Un horizon qui va être difficile à atteindre si la profession n’enraye pas la crise de vocation qu’elle connait. Depuis 10 ans on compte 100 000 agriculteurs et agricultrice en moins en France et le président du salon de l’agriculture Jean Luc Poulain appelle à « un débat sur la vision du métier ».
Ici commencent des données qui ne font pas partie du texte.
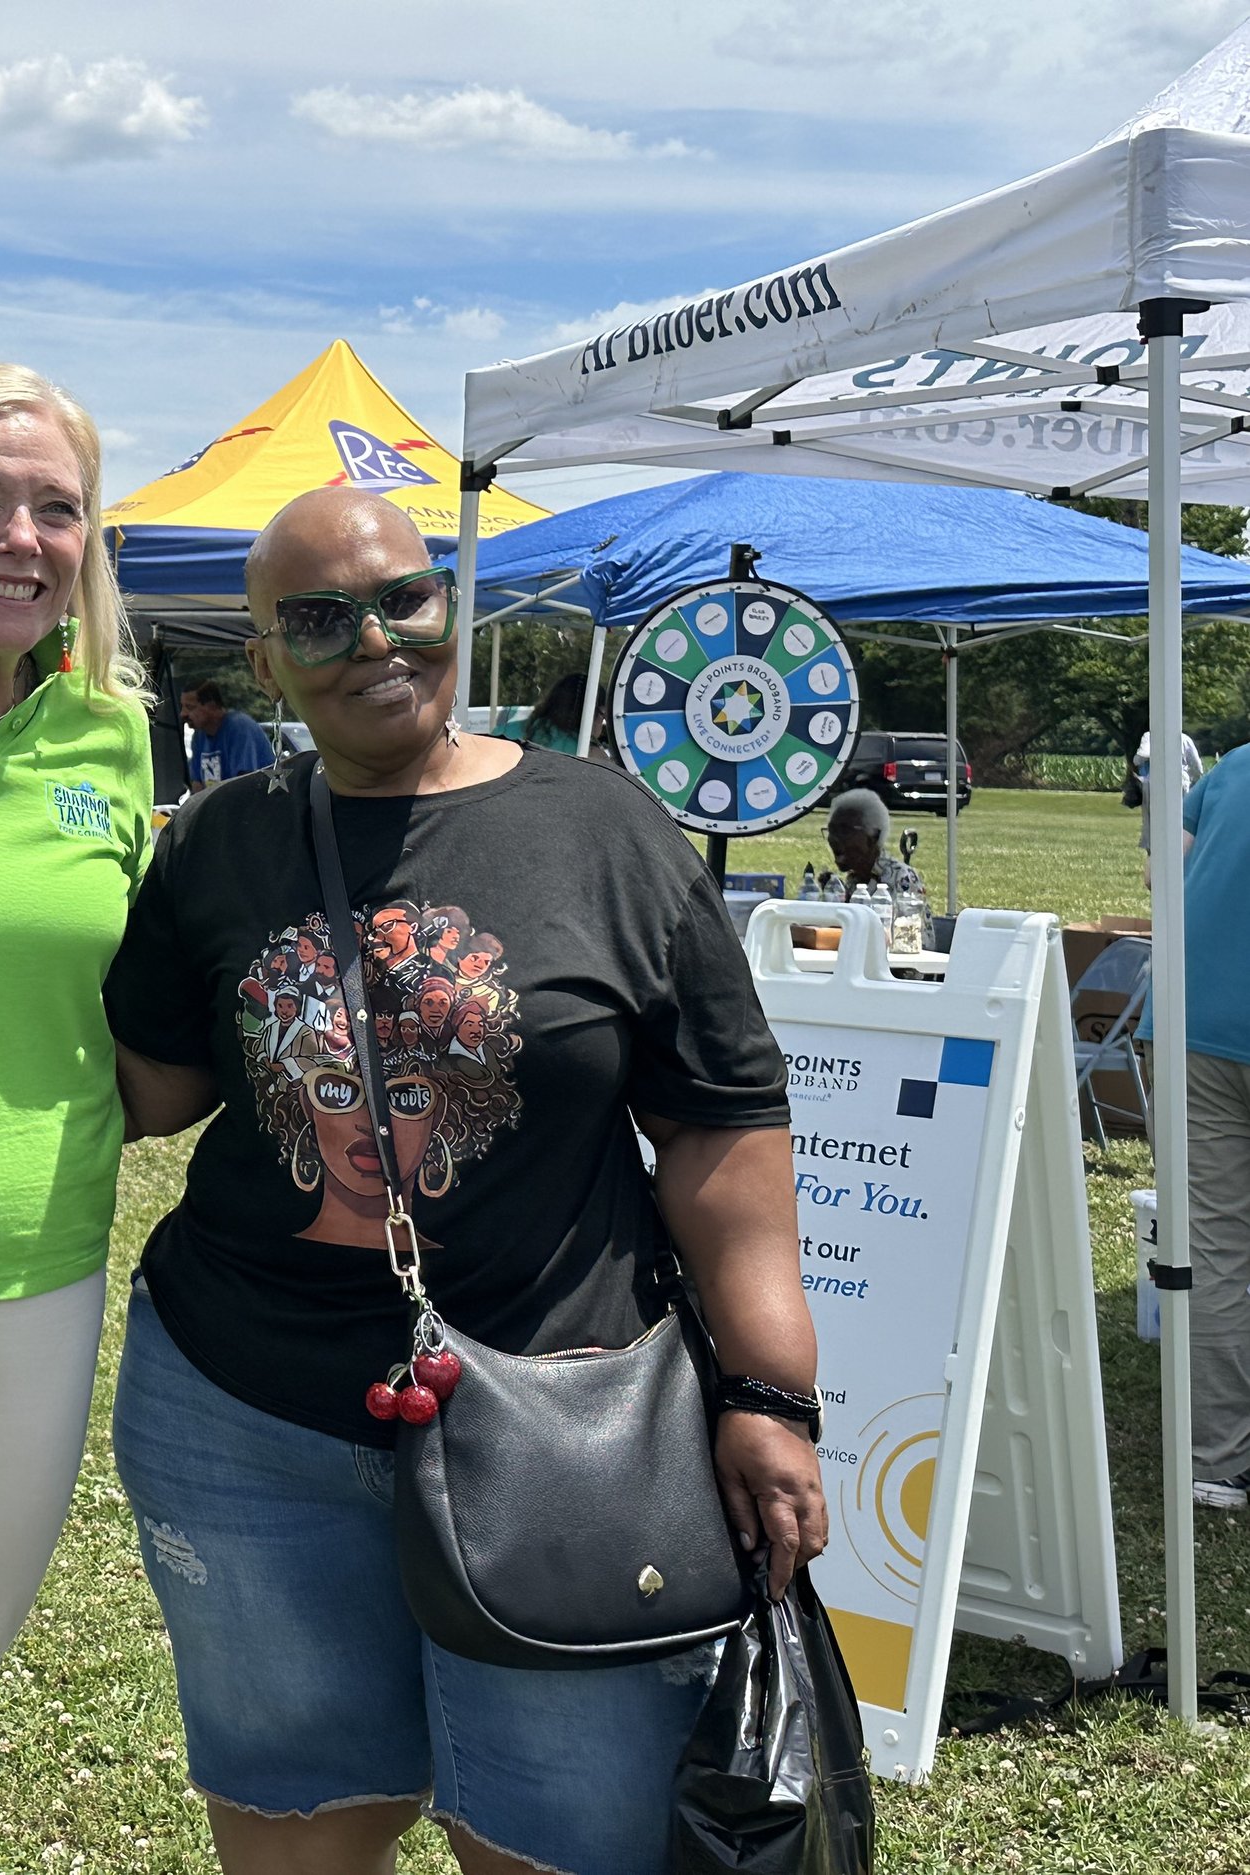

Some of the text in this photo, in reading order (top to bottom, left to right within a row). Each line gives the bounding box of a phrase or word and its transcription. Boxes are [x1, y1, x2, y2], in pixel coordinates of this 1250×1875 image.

[695, 663, 782, 722] ALL POINTS BROADBAND
[693, 713, 709, 736] LIVE
[784, 1053, 862, 1077] POINTS
[319, 1081, 352, 1107] my
[790, 1073, 858, 1091] DBAND
[390, 1083, 430, 1109] roots
[791, 1131, 912, 1168] nternet
[795, 1172, 928, 1219] For You.
[817, 1242, 861, 1262] our
[800, 1272, 869, 1299] ernet
[816, 1446, 858, 1465] evice
C’est ce souhait d’un « débat » qui nous amène à vous proposer ce reportage diffusé pour la première fois le 7 juillet 2021. Vous allez l’entendre la situation questionne fortement les limites à poser aux oppositions sur la vision du métier et sur l’avenir de notre agriculture paysanne.


 

C’est au bout d’un petit chemin de campagne que nous rencontrons Yoann. Maraîcher, fils et petit-fils de paysan, il possède une ferme à Chauvé, commune rurale du Pays de Retz dans l’ouest de la Loire-Atlantique. Dans la région, deux visions de la ruralité s’affrontent. Entre paysan‧nes bio et agriculteurs‧trices en culture intensives utilisatrices de pesticides, il y a souvent de la friture sur la ligne. Plus largement, c’est tout le monde rural qui est concerné, des élus locaux aux chambres d’agriculture en passant par les syndicats paysans, ou encore les organisations écologistes.
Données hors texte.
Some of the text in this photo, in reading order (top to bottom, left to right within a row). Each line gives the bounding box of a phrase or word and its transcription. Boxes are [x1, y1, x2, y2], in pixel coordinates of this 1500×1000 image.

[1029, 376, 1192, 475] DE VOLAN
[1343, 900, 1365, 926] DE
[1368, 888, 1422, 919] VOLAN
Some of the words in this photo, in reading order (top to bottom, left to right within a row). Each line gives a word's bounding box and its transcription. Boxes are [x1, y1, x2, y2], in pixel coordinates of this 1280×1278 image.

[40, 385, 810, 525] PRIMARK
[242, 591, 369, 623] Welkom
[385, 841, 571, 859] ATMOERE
À Chauvé, le 25 mai, des Woofers travaillent sur l'exploitation paysanne de Hubert et Yohann. Photographie : Collectif Prism pour Radio Parleur.
À Chauvé, le 25 mai, des Woofers travaillent sur l’exploitation paysanne de Hubert et Yohann. Crédit : Collectif Prism pour Radio Parleur.
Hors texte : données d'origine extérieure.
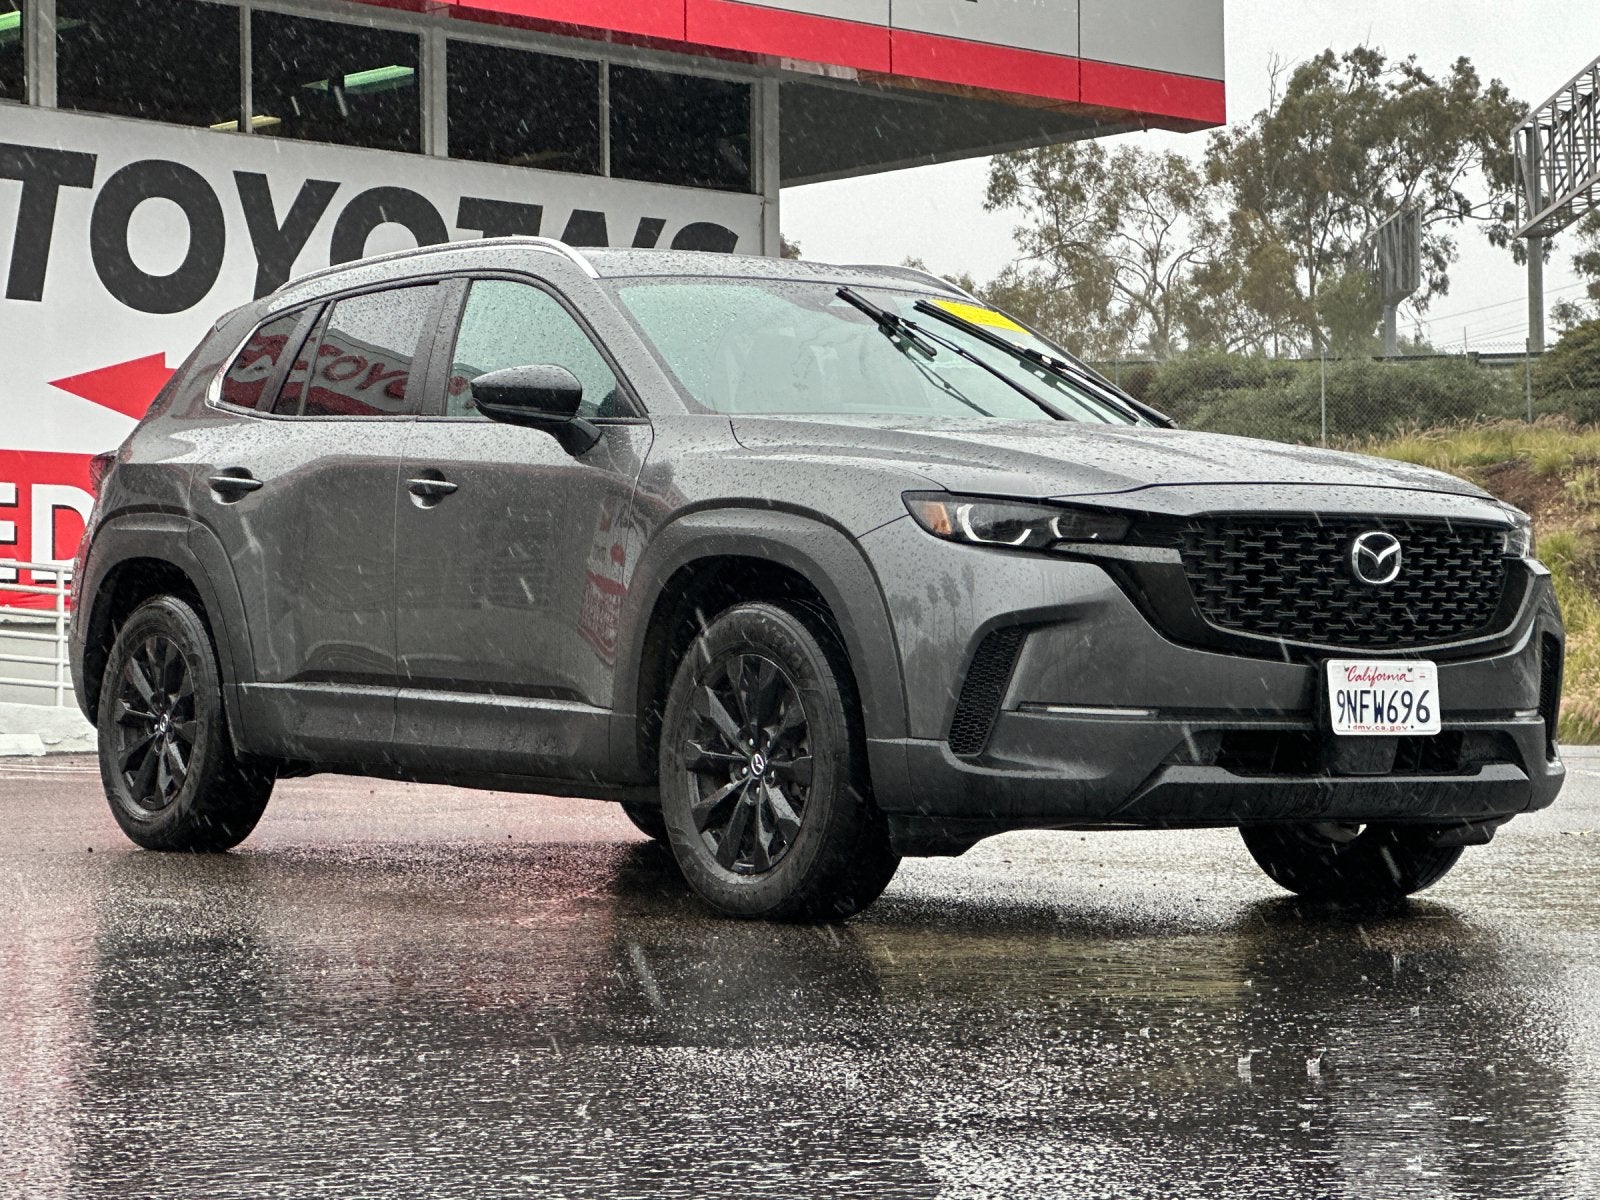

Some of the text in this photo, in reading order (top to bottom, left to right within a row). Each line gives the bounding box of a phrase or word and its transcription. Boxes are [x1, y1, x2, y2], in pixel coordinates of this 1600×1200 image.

[0, 143, 739, 313] TOYOT'
[1346, 665, 1414, 687] California
[1336, 689, 1431, 724] 9NFW696
[1353, 724, 1408, 732] dmv.ca.gov
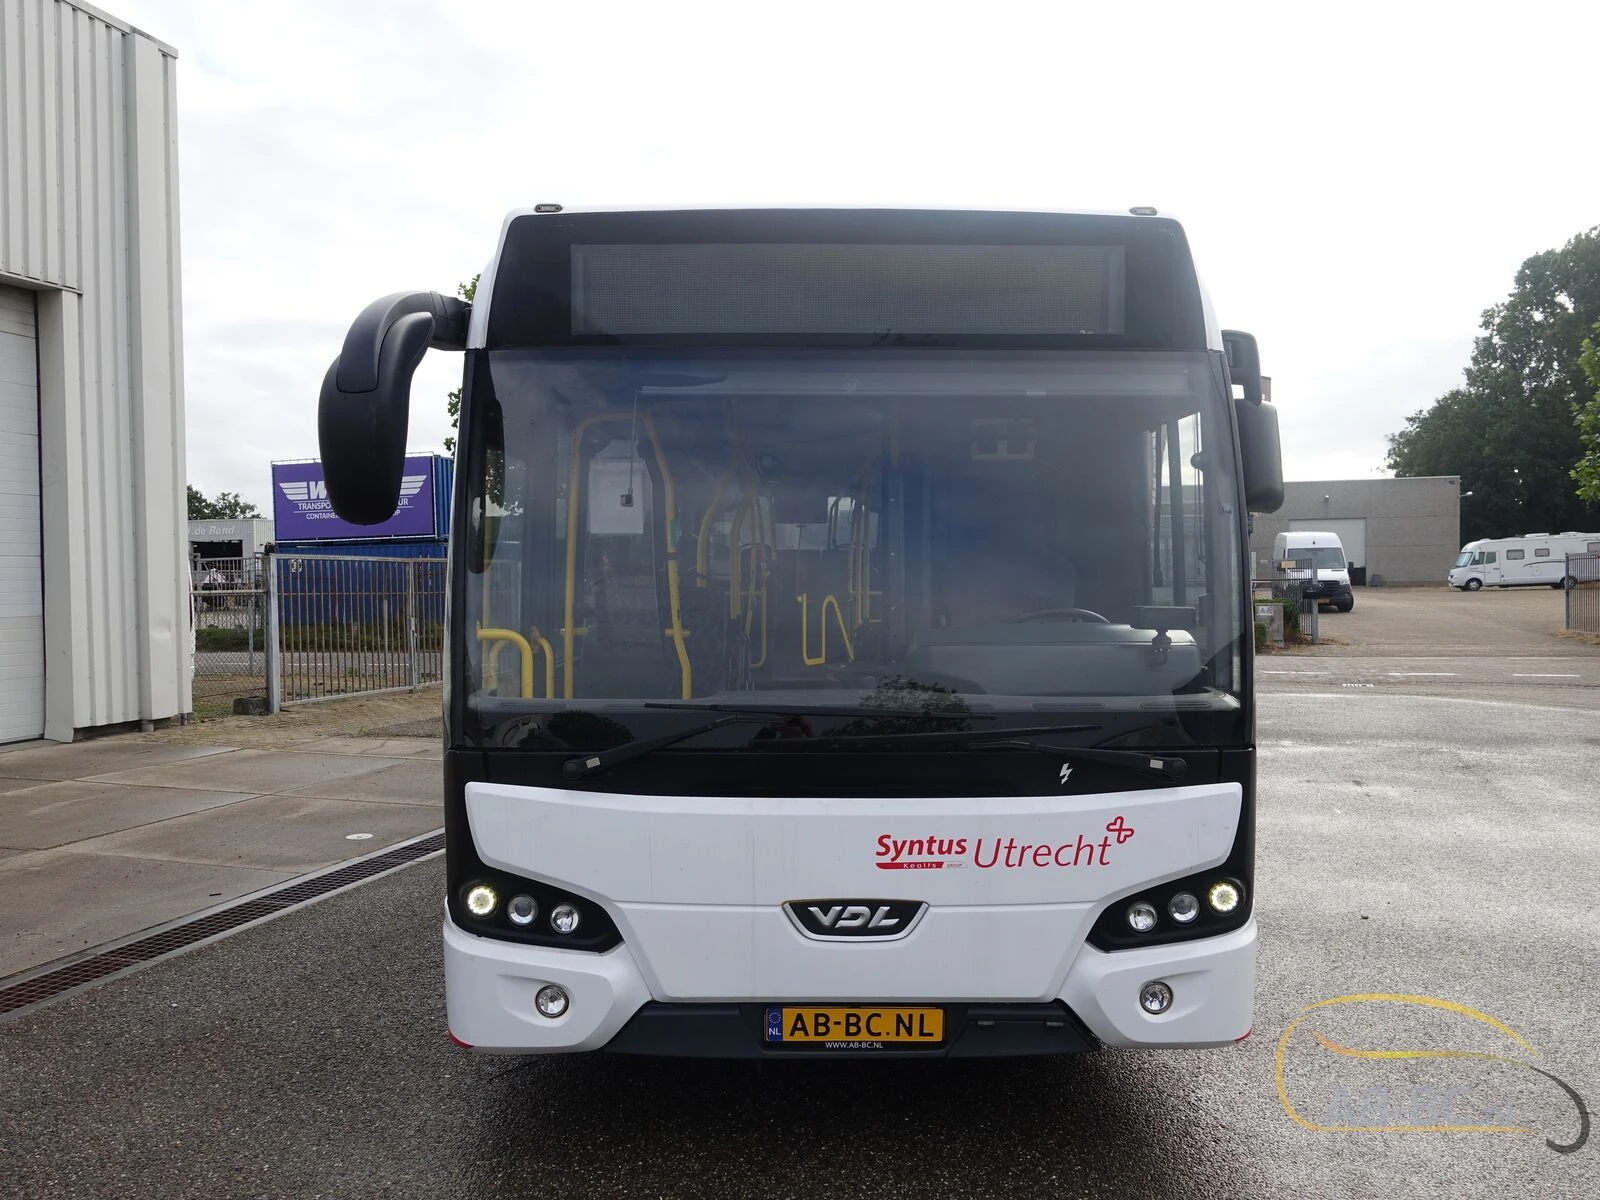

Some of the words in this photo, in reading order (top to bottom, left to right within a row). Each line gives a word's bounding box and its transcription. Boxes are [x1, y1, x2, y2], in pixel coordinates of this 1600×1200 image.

[298, 501, 332, 511] TRANSPO
[306, 512, 340, 520] CONTAINE
[875, 834, 967, 863] Syntus
[973, 834, 1112, 868] Utrecht
[807, 906, 900, 928] VDL
[768, 1027, 781, 1036] NL
[789, 1013, 934, 1038] AB-BC.NL
[825, 1041, 884, 1049] WWW.AB-BC.NL
Depuis quelques mois, Yoann et son collectif Terres Communes sont sous pression. Régulièrement, de jour comme de nuit, des personnes viennent sur leurs fermes ou aux abords de leurs terres. Parfois, on y pénètre même. La plupart du temps, les intrusions s’arrêtent là. Mais parfois, la menace devient physique. En avril dernier, Hubert Maurice, le père de Yoann, lui aussi militant écologiste, est agressé par un agriculteur dans son propre champ. La famille Maurice est connue à Chauvé et dans ses environs comme une référence du monde militant. Hubert lutte depuis longtemps contre les OGM et le projet, aujourd’hui abandonné, de construction d’un aéroport à Notre-Dame-des-Landes. Yoann a lui aussi participé à l’emblématique ZAD qui s’y est installée.


Sur le même thème : retrouvez notre émission Penser Les Luttes dédiée à la nouvelle politique agricole commune avec nos partenaires Politis et Basta !


La fatigue et les craintes de Yoann sont exacerbées après l’évacuation de la Zone À Défendre du surf-park de Saint-Père-en-Retz en 2020. Ce projet de centre nautique à quelques kilomètres de l’océan, hors normes et hors-sol, est abandonné en juin 2021. Plusieurs collectifs s’opposent au projet, dont Terres Commune. Yoann en fait partie, jusqu’à l’expulsion violente du terrain par un groupe mêlant riverains et élus locaux, sous le regard de plusieurs dizaines de gendarmes.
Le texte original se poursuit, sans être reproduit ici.